## DATASET ENTRIES

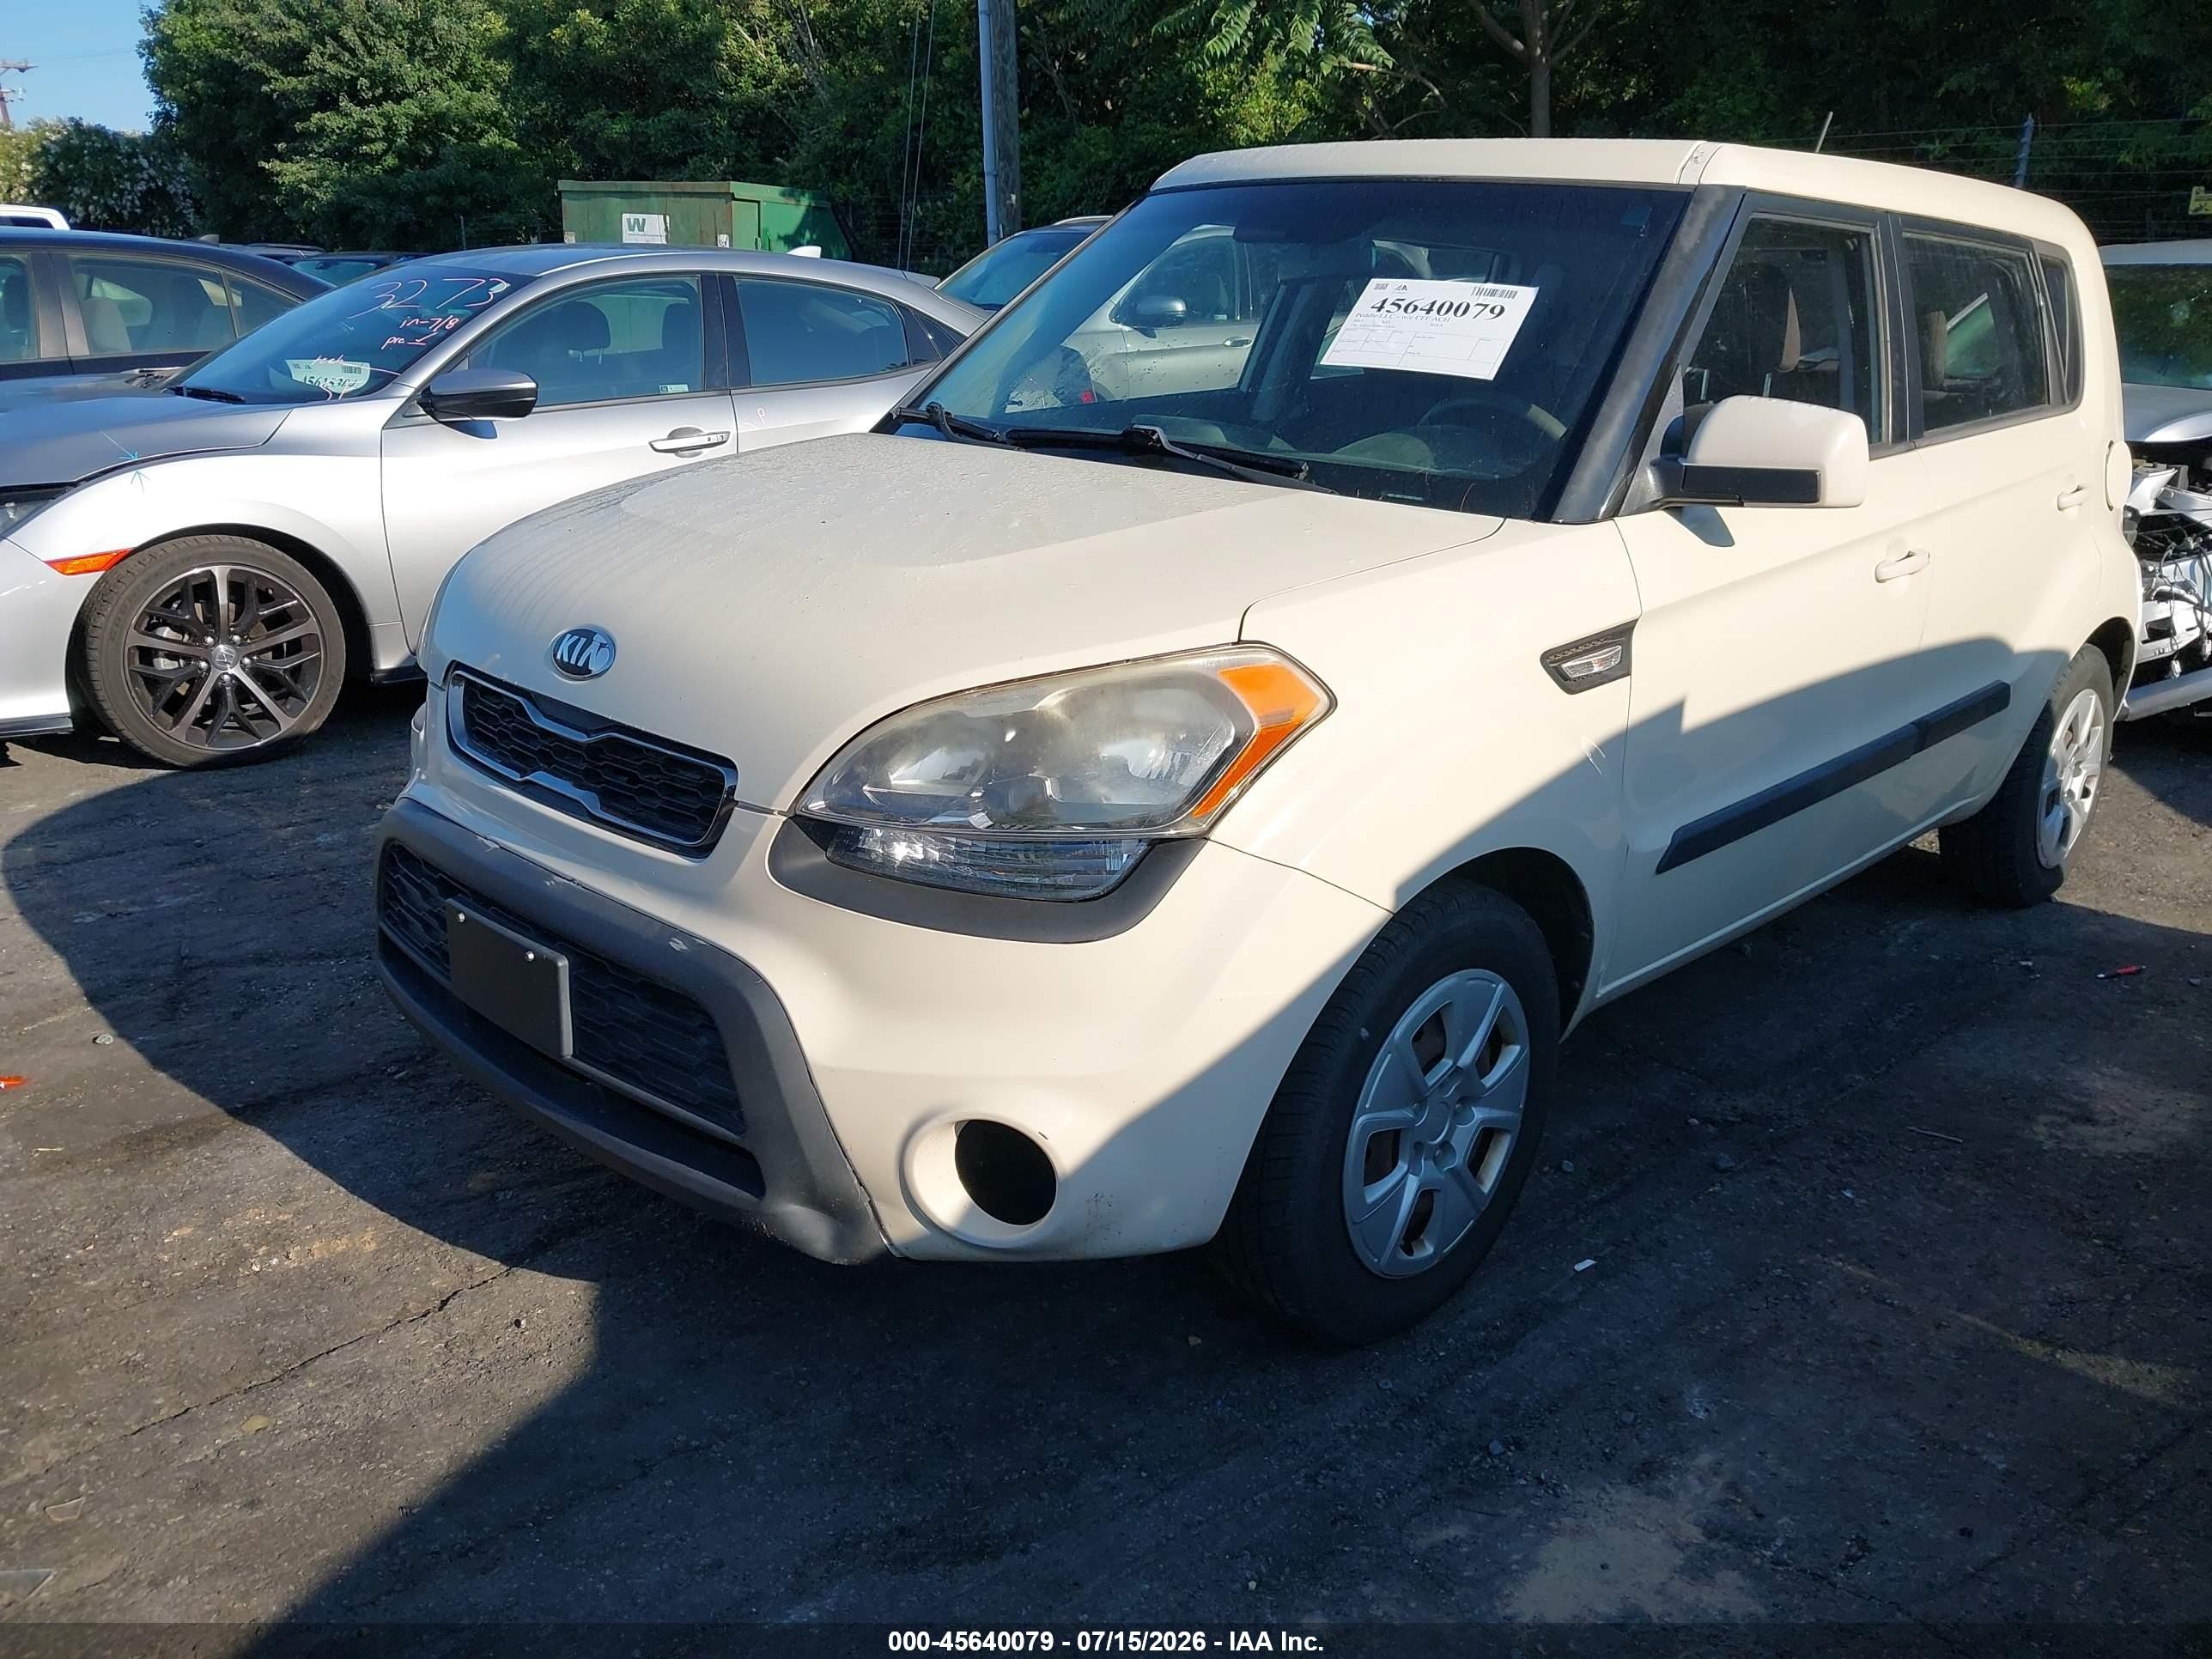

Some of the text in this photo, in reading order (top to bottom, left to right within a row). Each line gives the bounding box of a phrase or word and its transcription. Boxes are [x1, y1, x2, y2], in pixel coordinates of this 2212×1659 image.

[626, 217, 647, 233] W
[347, 277, 507, 319] 3273
[1370, 297, 1505, 320] 45640079
[556, 632, 604, 672] KIA

## WHAT THIS TASK INVOLVES
Leave out the pictures and return the rest of the records exactly.

## REPLY TO THE TASK
Some of the text in this photo, in reading order (top to bottom, left to right within a row). Each line gives the bounding box of a phrase or word and its transcription. Boxes are [x1, y1, x2, y2], in pixel coordinates of this 2212×1659 image.

[626, 217, 647, 233] W
[347, 277, 507, 319] 3273
[1370, 297, 1505, 320] 45640079
[556, 632, 604, 672] KIA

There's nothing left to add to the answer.